Standards Body Passes on ‘Hot’ Fuel Rule
This story appears in the July 27 print edition of Transport Topics. Click here to subscribe today.
Trucking groups hailed the decision by the National Conference on Weights and Measures not to proceed with proposals to regulate the temperature of retail fuel at the pump.
“We’re pleased,” said Rich Moskowitz, regulatory counsel for American Trucking Associations. “They recognize that the impact upon the consumer of requiring automatic temperature compensation may not be beneficial because the costs of ATC will be passed on to the consumer.”
The national standard-setting group was slated to take up two resolutions at its annual meeting July 12-16 in San Antonio, but the committee charged with examining temperature compensation recommended the item be stricken.
“The overwhelming majority of comments were opposing ATC,” the committee said in a statement about a proposal to require temperature compensation.
The committee pulled the item, citing “conference consensus against ATC, economic cost factors, lack of benefit to consumers, absence of uniformity in the marketplace and the additional cost to weights and measures officials and service companies.”
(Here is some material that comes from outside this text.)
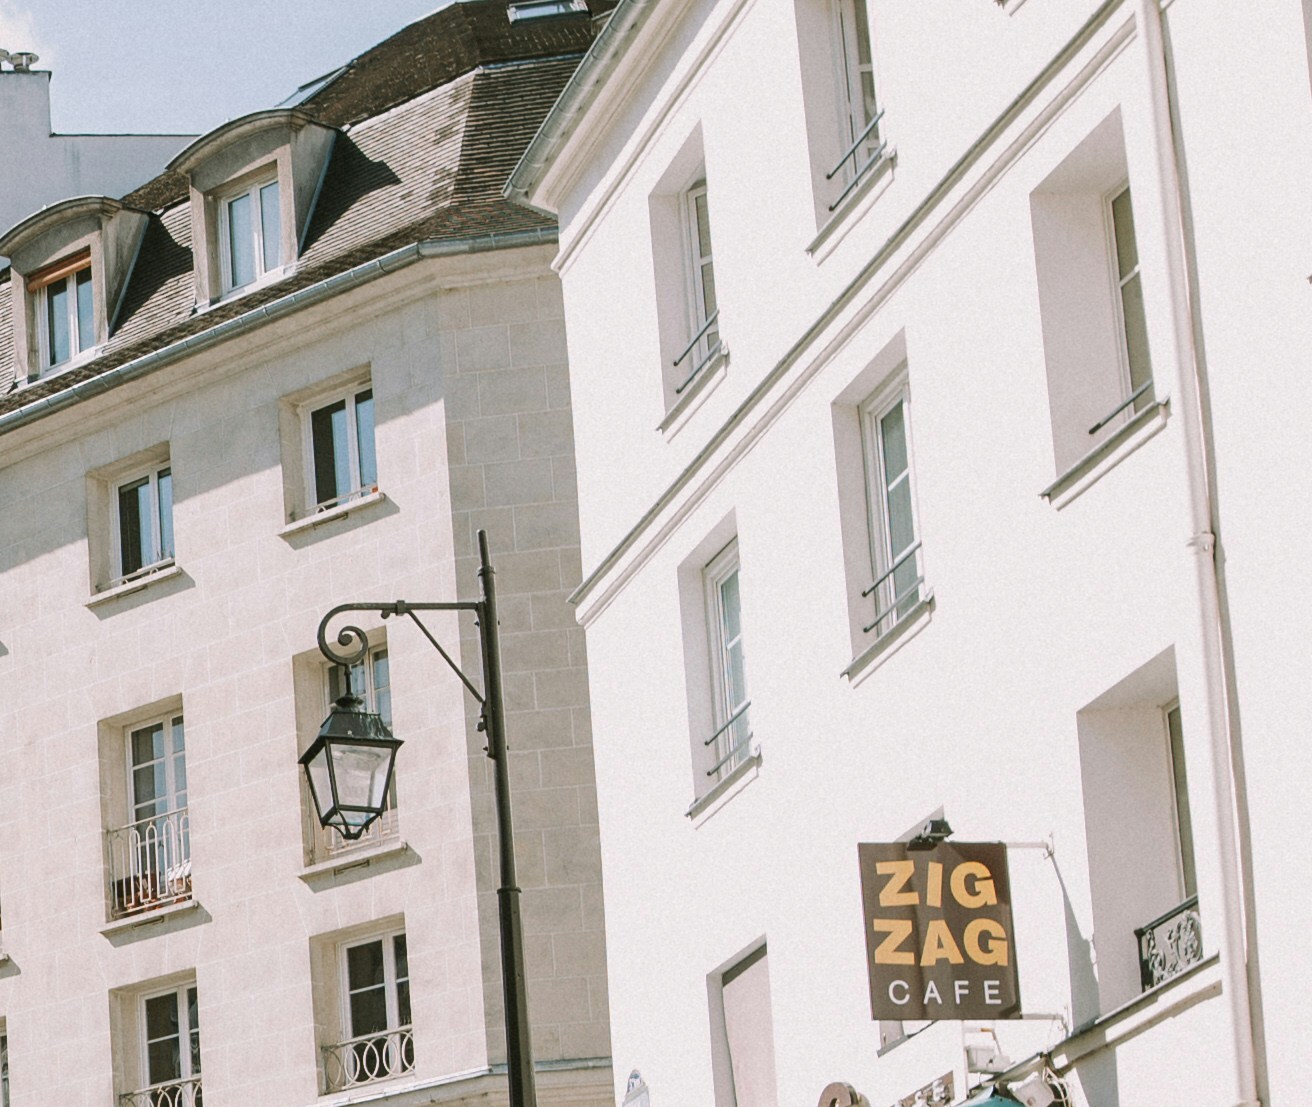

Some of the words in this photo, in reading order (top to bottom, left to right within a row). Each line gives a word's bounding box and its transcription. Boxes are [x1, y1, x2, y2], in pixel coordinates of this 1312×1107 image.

[875, 860, 998, 909] ZIG
[872, 917, 1009, 968] ZAG
[887, 979, 1003, 1006] CAFE
The second resolution was to allow retailers to regulate for temperature — a proposal Moskowitz said would have been disastrous.
“The most important thing is that ATC not be implemented on a permissive basis because that would allow fuel retailers to game the system” by using temperature compensation equipment only in those circumstances where it would benefit the retailer.
Natso President Lisa Mullings said the group “voted to keep fairness and transparency in fuel pricing and delivery.”
“The current system yields the most benefits for consumers, who ultimately would have paid the price for changing requirements,” she said.
Natso was formerly the National Association of Truck Stop Operators.
In its statement, the committee said there were “very few proponents” of ATC under the voluntary proposal.
The issue of temperature compensation rose to prominence following a 2006 Kansas City Star article.
Supporters of ATC regulations argue that as liquid fuel is warmed, it expands, but the energy content of the fuel remains constant. Historically, fuel sold from wholesalers to retailers is adjusted for these changes in temperature, but fuel sold to consumers is not.
The Owner-Operator Independent Drivers Association is one of several groups that have pressed for regulation of fuel temperatures.
Norita Taylor, spokeswoman for the drivers group, said the decision by the National Conference on Weights and Measures was “an example of highly effective lobbying by petroleum marketers and their effect on regulatory issues to the detriment of consumers.”